Горилика кивнула и поспешила за адептом воды. Ал появилась на пороге через минуту. В руках у нее была сумка с лекарствами, а за спиной маячил Ро. Акши выпроводила принцессу за дверь и заняла ее место на краю кровати.

— Самти?

— Похоже, душа перерожденного зацепила меня краем ауры.

— Физических повреждений нет? — Ал коснулась кончиками пальцев моего лба и удовлетворенно кинула: — Нет. Ро, посмотри, что с ним.

Ро наклонился надо мной, расстегнул ворот рубашки и положил ладонь мне на грудь. Я ощутил, как пробегает по нервам ток, и закрыл глаза, максимально расслабляясь.

— Действительно, зацепил. — Ро покачал головой и начал двигать ладонью, исправляя поврежденные силовые нити.

Кто бы мог подумать, что кадавр, по случаю купленный акши Ал для опытов, окажется вовсе не нежитью, а адептом жизни. Девушка посчитала это знаком свыше, и с тех пор оберегала рори с неистовостью, свойственной только адептам воды. Малейшую угрозу в адрес Ро она принимала на свой счет и реагировала незамедлительно. Будь на то ее воля, она завернула бы адепта жизни в три одеяла и кормила с ложечки манной кашей.

Времени на восстановление нитей ушло немного, но едва Ро убрал руку от моей груди, дверь снова приоткрылась. Горилика не желала оставлять меня без присмотра. Ал тяжело вздохнула:

— Заходи уже, а то сквозняк.

Принцесса скользнула в комнату и замерла у кровати. Я неподвижно лежал на спине, раскинув руки и закрыв глаза. Меня развезло: страхи отступили, и я начал засыпать.

— С ним все в порядке? — Горилика коснулась моей руки и я застонал: ну почему меня всегда начинают тормошить в самый неподходящий момент?

— Его задела душа перерожденного. Ничего серьезного. Нити восстановились бы сами собой уже через пару дней, но завтра мы отправимся к Лисьим Курганам, и следующую ночь нам предстоит провести под открытым небом.

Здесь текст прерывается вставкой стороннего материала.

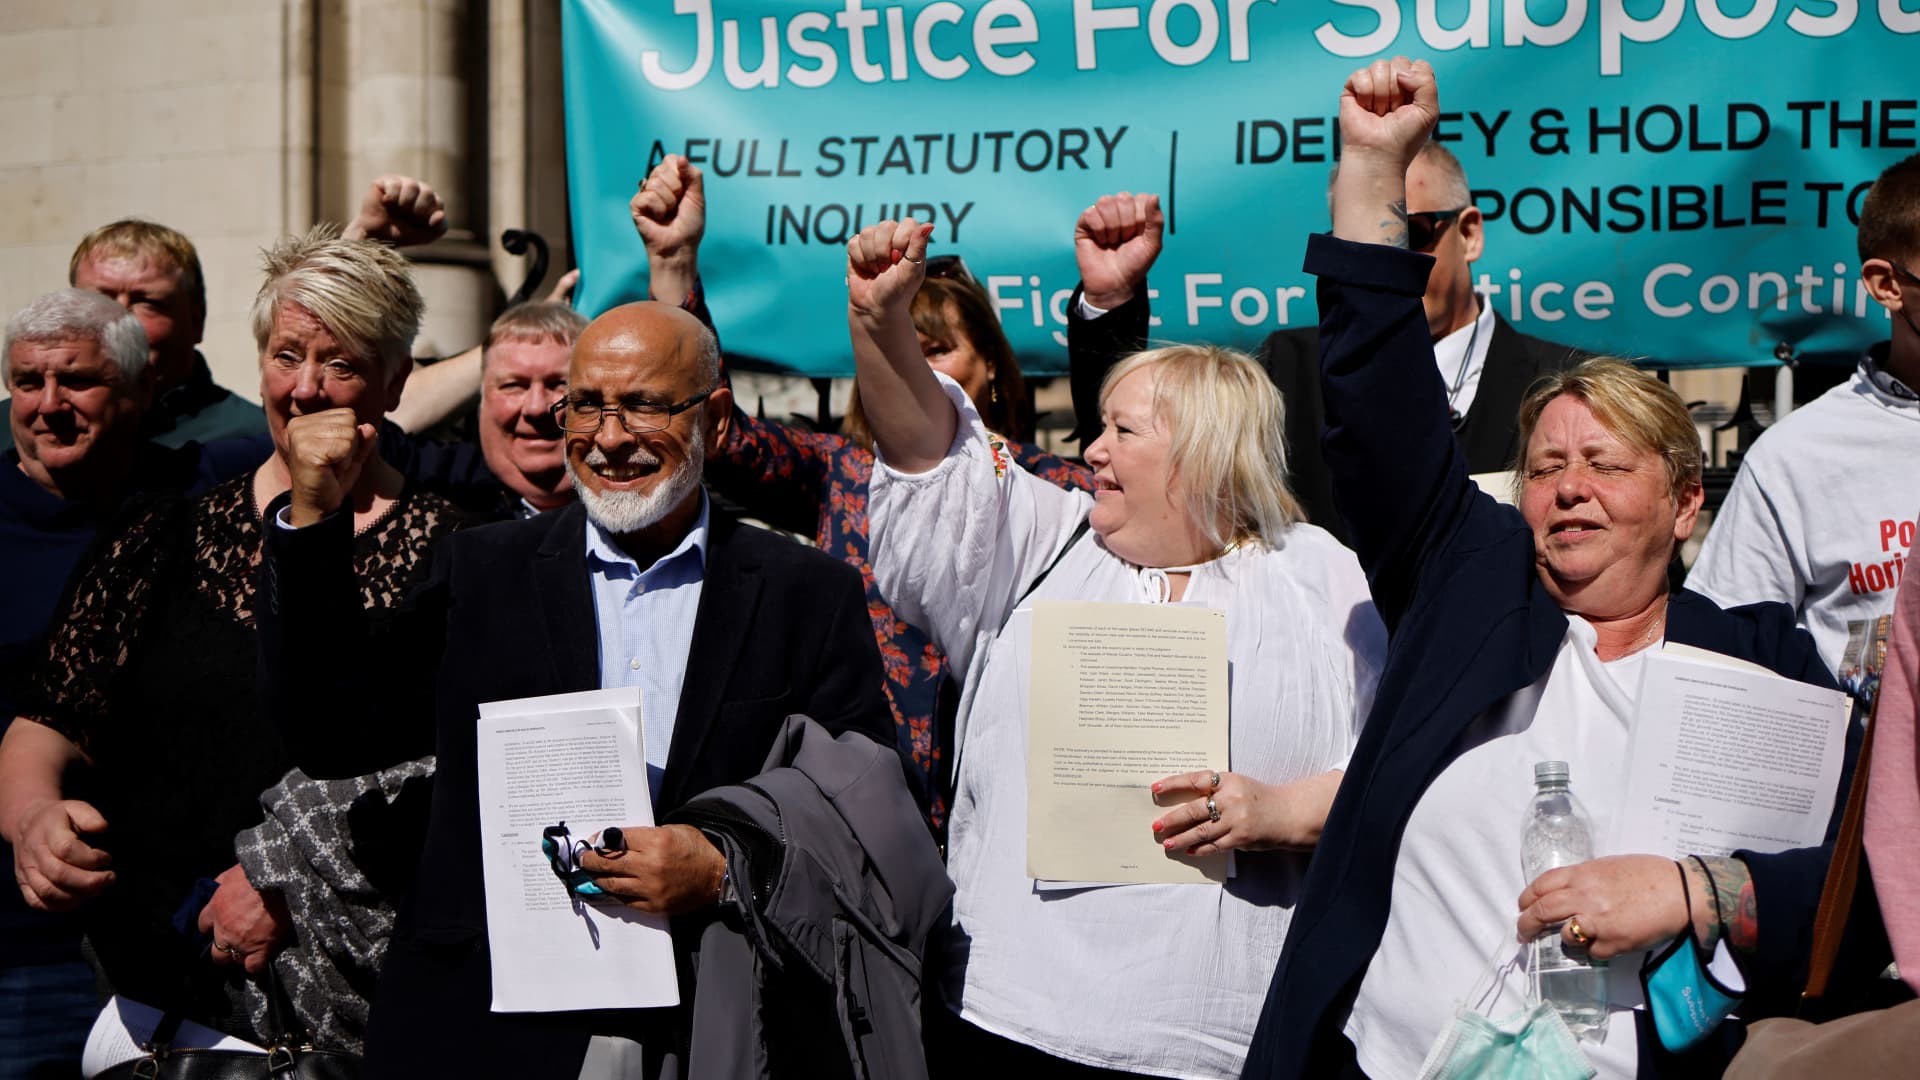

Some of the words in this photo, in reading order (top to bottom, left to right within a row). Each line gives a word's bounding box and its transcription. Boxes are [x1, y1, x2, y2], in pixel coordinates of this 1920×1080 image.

[640, 0, 1040, 91] Justice
[1073, 0, 1278, 71] For
[684, 138, 803, 178] FULL
[814, 126, 1129, 178] STATUTORY
[1235, 110, 1511, 165] IDEFY
[1529, 108, 1570, 155] &
[1589, 103, 1771, 153] HOLD
[1786, 100, 1918, 149] THE
[1470, 180, 1788, 235] PONSIBLE
[1184, 273, 1307, 327] For
[1473, 267, 1615, 322] tice
[1848, 552, 1908, 595] Hori

Поврежденная аура и ночная сырость в сумме вполне могут вызвать серьезные проблемы со здоровьем.

Ал говорила что-то еще, но я уже не слушал. Сон накрывал меня, будто меховое одеяло, и главное, о чем я в тот момент думал — как бы не захрапеть в присутствии благородных айвэ.

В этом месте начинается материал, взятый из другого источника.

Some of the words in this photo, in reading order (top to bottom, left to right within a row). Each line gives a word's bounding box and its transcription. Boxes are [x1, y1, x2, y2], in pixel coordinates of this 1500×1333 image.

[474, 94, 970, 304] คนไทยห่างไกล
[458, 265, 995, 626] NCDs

— Быть может, ты принадлежишь воде?

Грандмастер, улыбаясь, смотрел, как я барахтаюсь внизу, под самыми его ногами. Огромный бак с водой был накрыт металлической сеткой, достаточно прочной, чтобы выдерживать вес взрослого человека, но слишком мелкой, чтобы я смог уцепиться за нее хотя бы пальцами. Воды в баке было не так уж и много: всякий раз, погружаясь в воду, я чувствовал под ногами дно, но дышать можно было только стоя на цыпочках, а плавать я не умел, и силы мои были на исходе. Грандмастер смотрел на меня, и в глазах его было разочарование. Я зажмурился. Вода все сильнее сдавливала грудь, пока ребра не затрещали и я не открыл глаза.

— Не дергайся, Кукушонок!

Надо мной стоял Керив — сын отцовского лесника. Керив был на голову выше сверстников, сильнее их, храбрее. За ним ватагой ходили мальчишки со всей округи. Лесник подарил девятилетнему шалопаю настоящие сапоги, и теперь я всеми ребрами чувствовал, что сапожник постарался на славу. Я повернул голову. Четверо друзей Керива валяли огромного Мадуона, будто мешок. Они не били его — просто катали в пыли и обзывали. Бить того, кто не сопротивляется неинтересно. Другое дело — я. Мне сегодня еще предстояло придумать достоверную историю для родителей, почему у меня больше нет передних зубов, но и Кериву влетит от матери за разорванную куртку. Но это будет потом, а сейчас я слышал, как скулит от страха мой брат и видел в глазах Керива превосходство.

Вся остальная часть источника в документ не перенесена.